*** INPUT RECORDS Section Begins ***

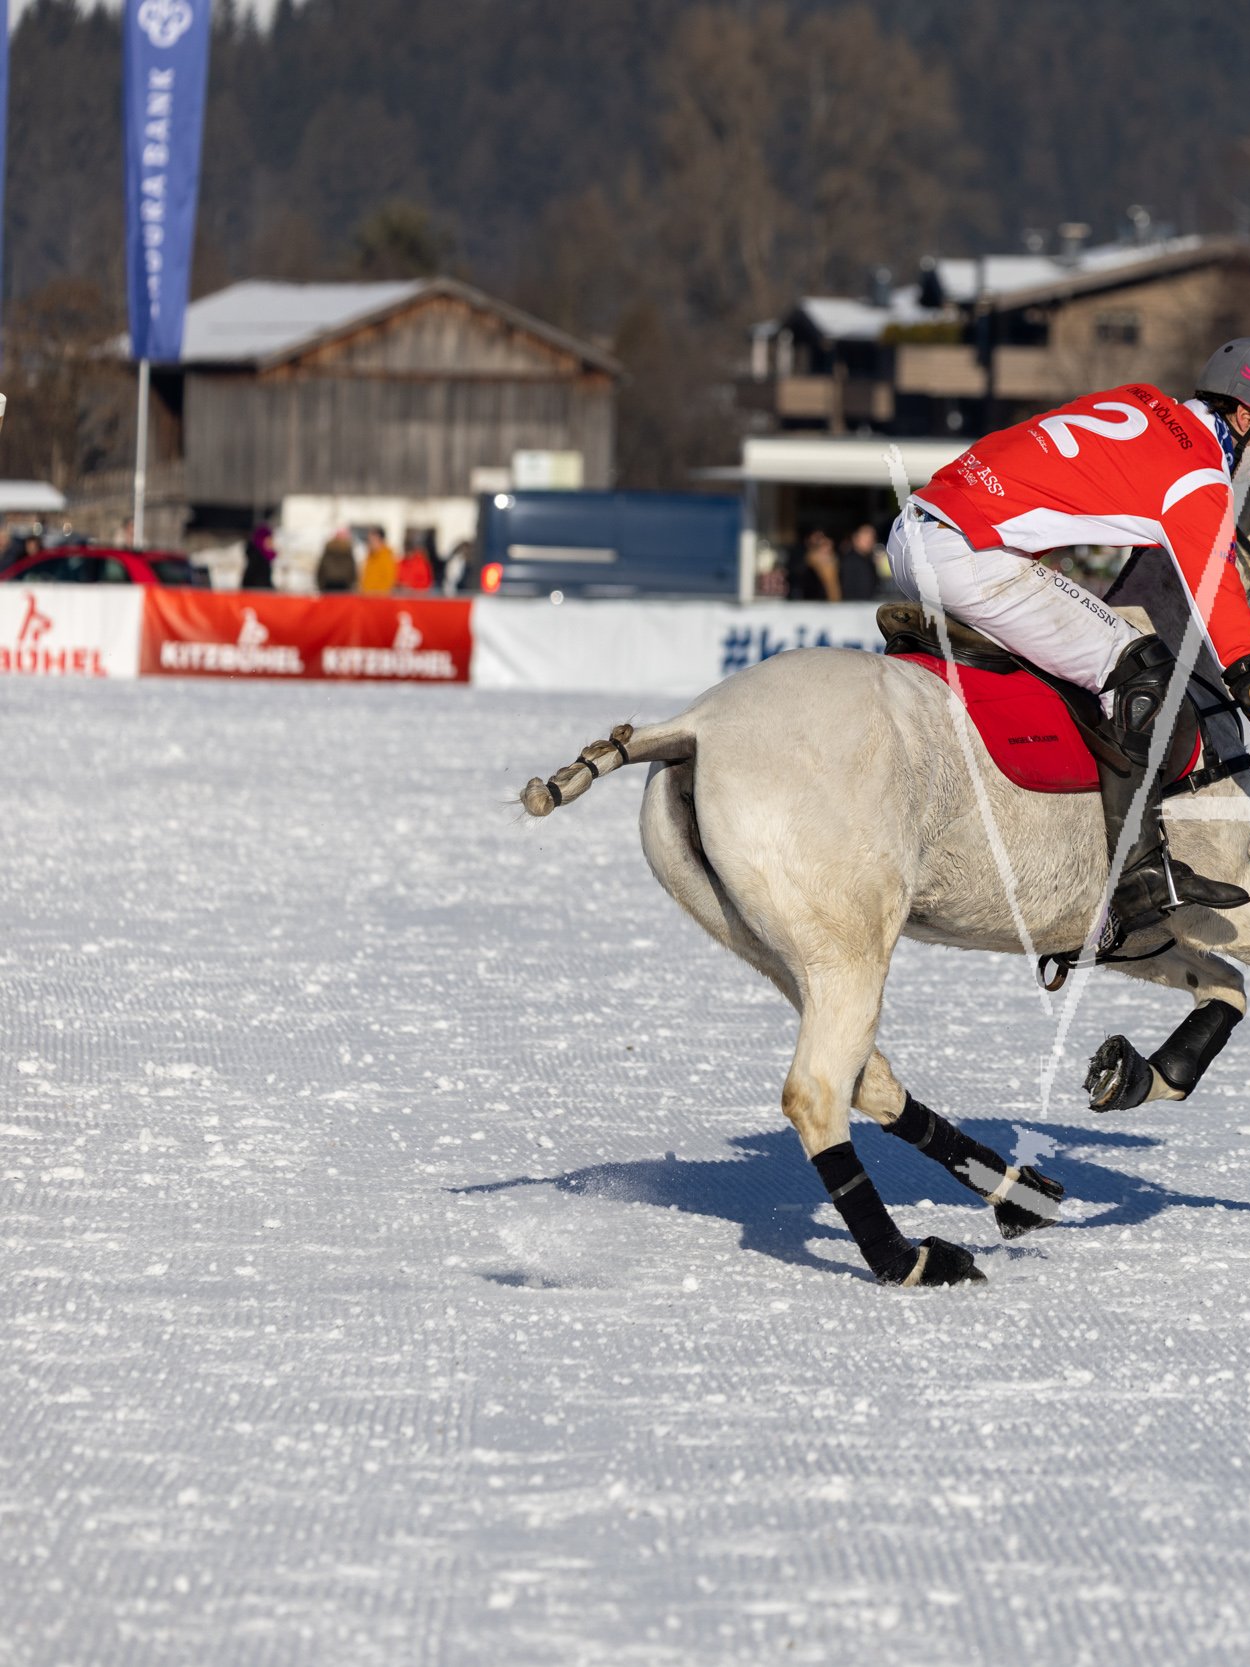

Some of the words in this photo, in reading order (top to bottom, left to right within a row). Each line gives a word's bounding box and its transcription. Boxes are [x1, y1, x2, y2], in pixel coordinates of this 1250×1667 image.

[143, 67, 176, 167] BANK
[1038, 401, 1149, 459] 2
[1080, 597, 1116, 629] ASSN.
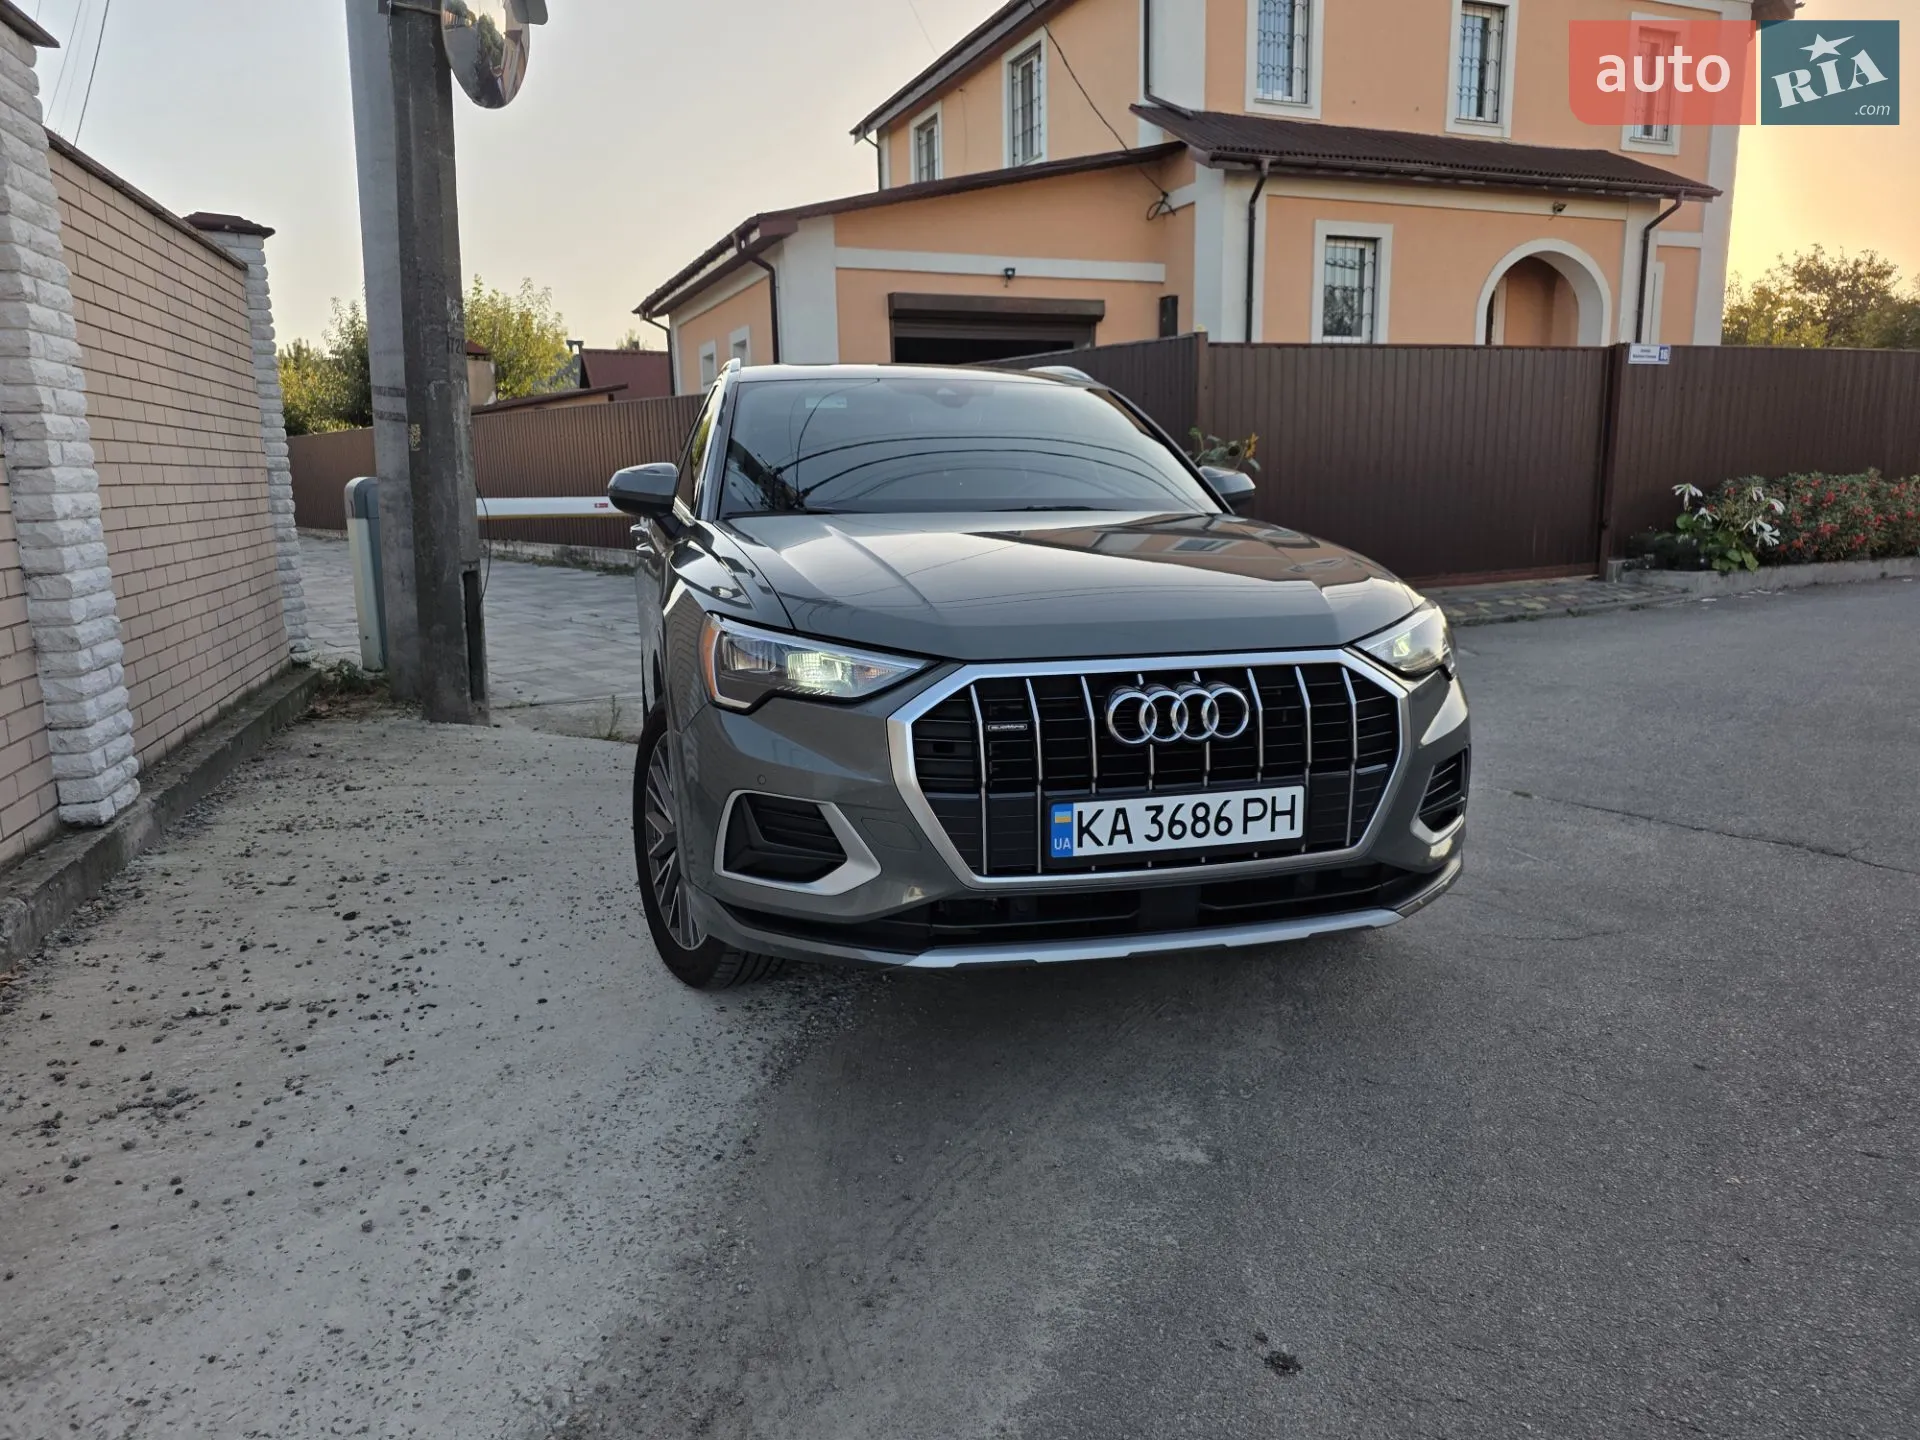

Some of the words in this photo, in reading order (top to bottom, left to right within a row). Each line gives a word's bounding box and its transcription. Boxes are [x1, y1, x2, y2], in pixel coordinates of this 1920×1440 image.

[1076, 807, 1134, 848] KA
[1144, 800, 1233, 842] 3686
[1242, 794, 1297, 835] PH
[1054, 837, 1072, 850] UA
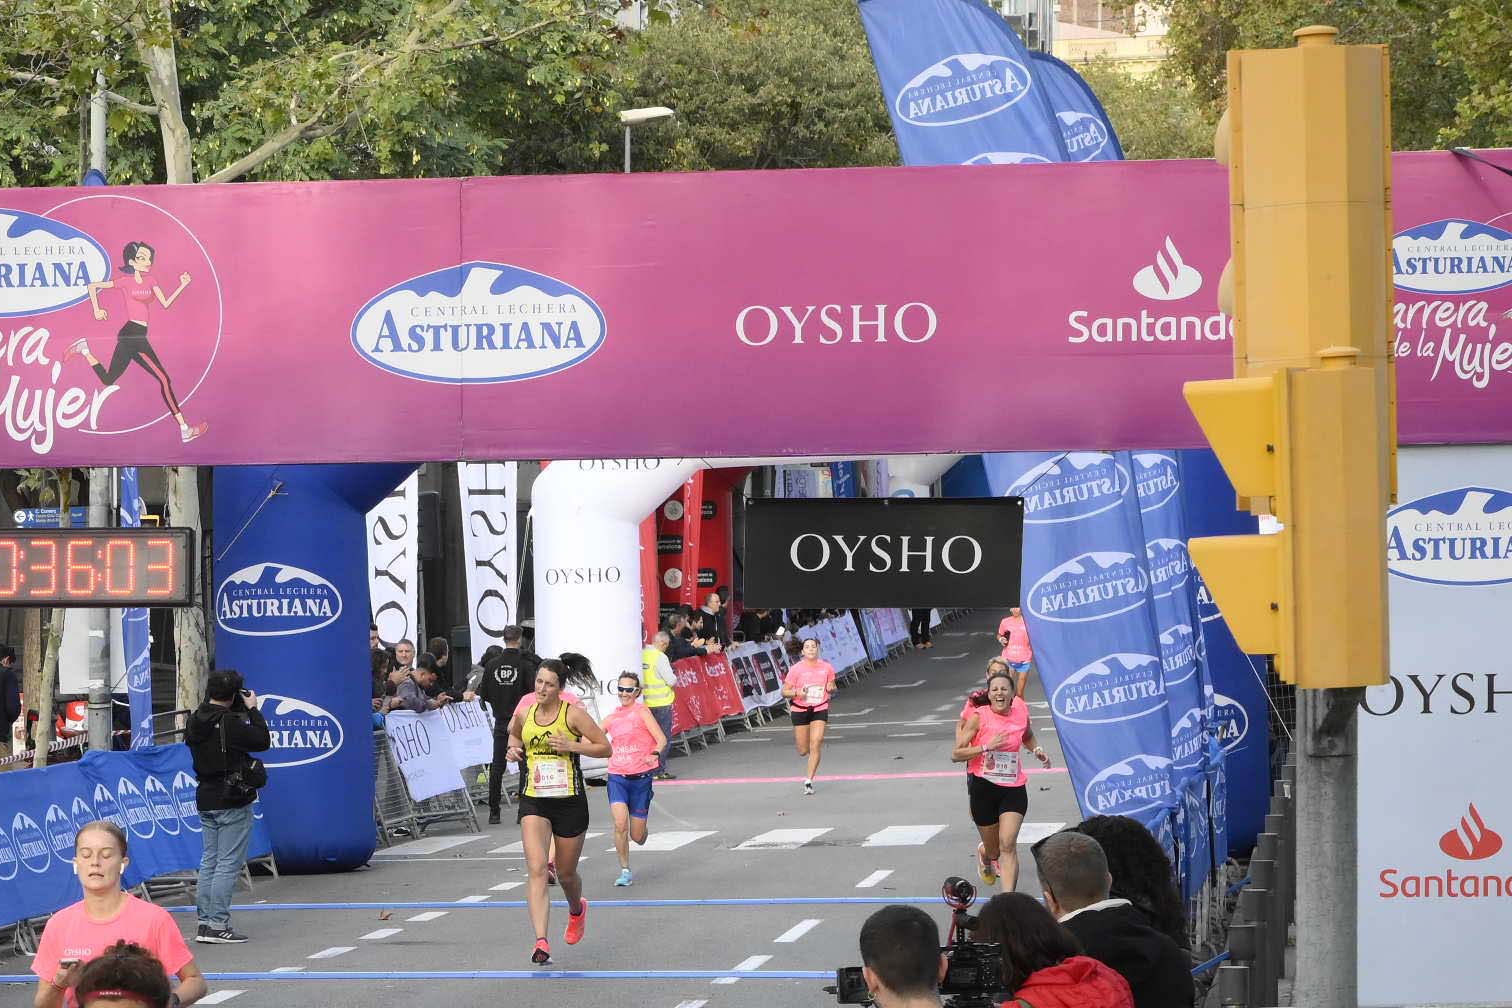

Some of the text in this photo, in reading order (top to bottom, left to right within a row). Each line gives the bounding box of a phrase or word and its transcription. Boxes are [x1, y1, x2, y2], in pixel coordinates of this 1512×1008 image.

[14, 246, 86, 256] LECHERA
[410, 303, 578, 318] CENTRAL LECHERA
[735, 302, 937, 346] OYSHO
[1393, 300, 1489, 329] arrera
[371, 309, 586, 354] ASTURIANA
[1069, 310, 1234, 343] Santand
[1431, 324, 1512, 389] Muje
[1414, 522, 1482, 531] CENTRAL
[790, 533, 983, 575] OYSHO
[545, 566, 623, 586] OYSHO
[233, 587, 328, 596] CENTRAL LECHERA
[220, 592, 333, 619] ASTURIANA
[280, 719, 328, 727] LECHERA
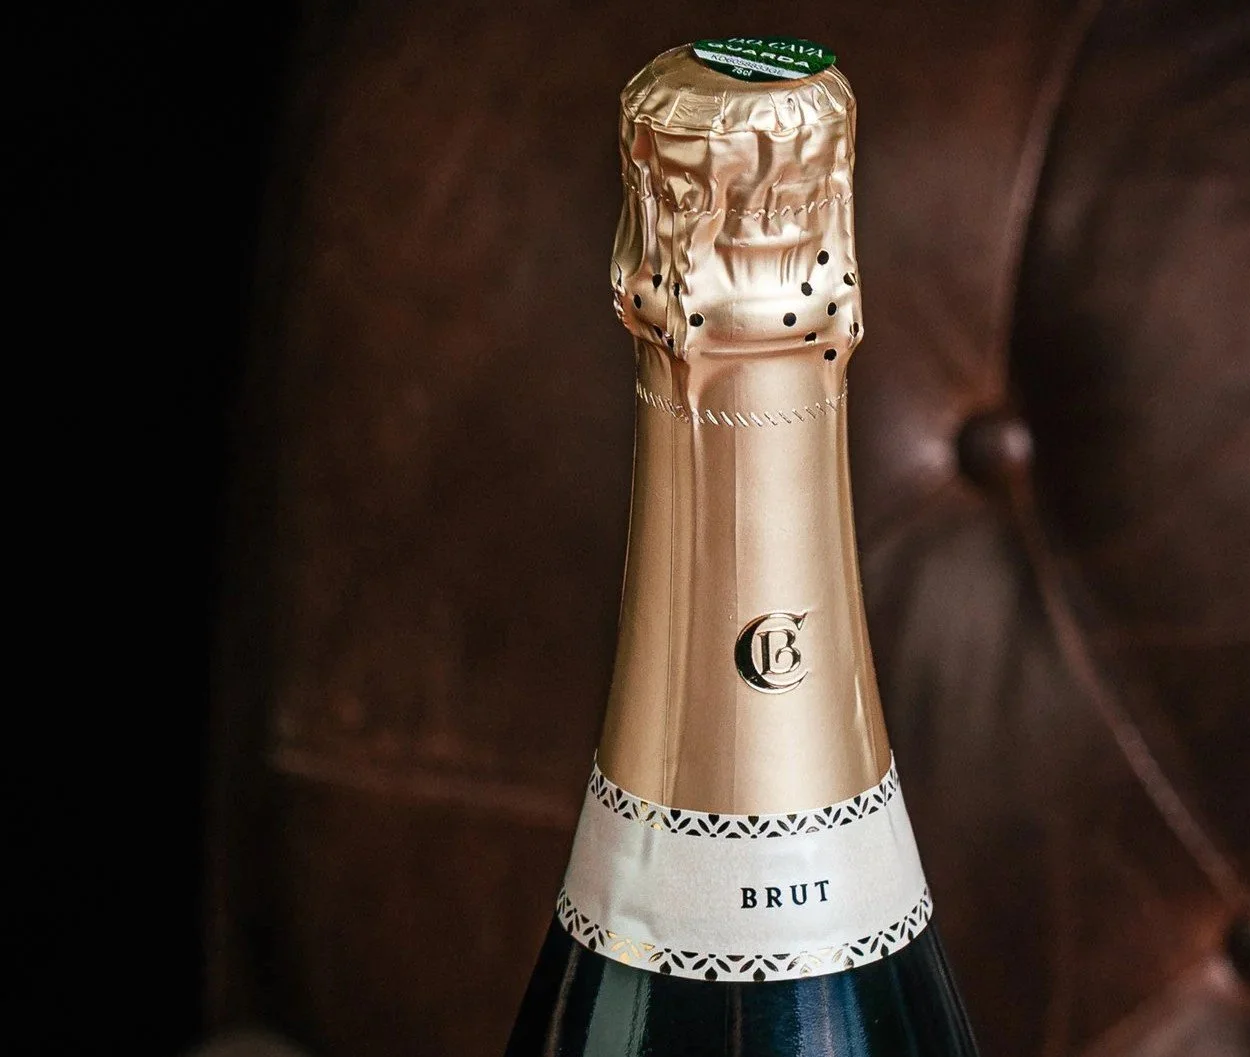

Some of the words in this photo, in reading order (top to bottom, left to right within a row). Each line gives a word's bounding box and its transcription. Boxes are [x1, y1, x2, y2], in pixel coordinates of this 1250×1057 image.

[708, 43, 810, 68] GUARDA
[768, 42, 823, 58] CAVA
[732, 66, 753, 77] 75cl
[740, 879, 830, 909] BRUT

*** INPUT RECORDS Section Ends ***

From the line containing "this 1250×1057 image." down to the last line of the records above, print every line exactly, with both ends kept.

Some of the words in this photo, in reading order (top to bottom, left to right within a row). Each line gives a word's bounding box and its transcription. Boxes are [x1, y1, x2, y2], in pixel coordinates of this 1250×1057 image.

[708, 43, 810, 68] GUARDA
[768, 42, 823, 58] CAVA
[732, 66, 753, 77] 75cl
[740, 879, 830, 909] BRUT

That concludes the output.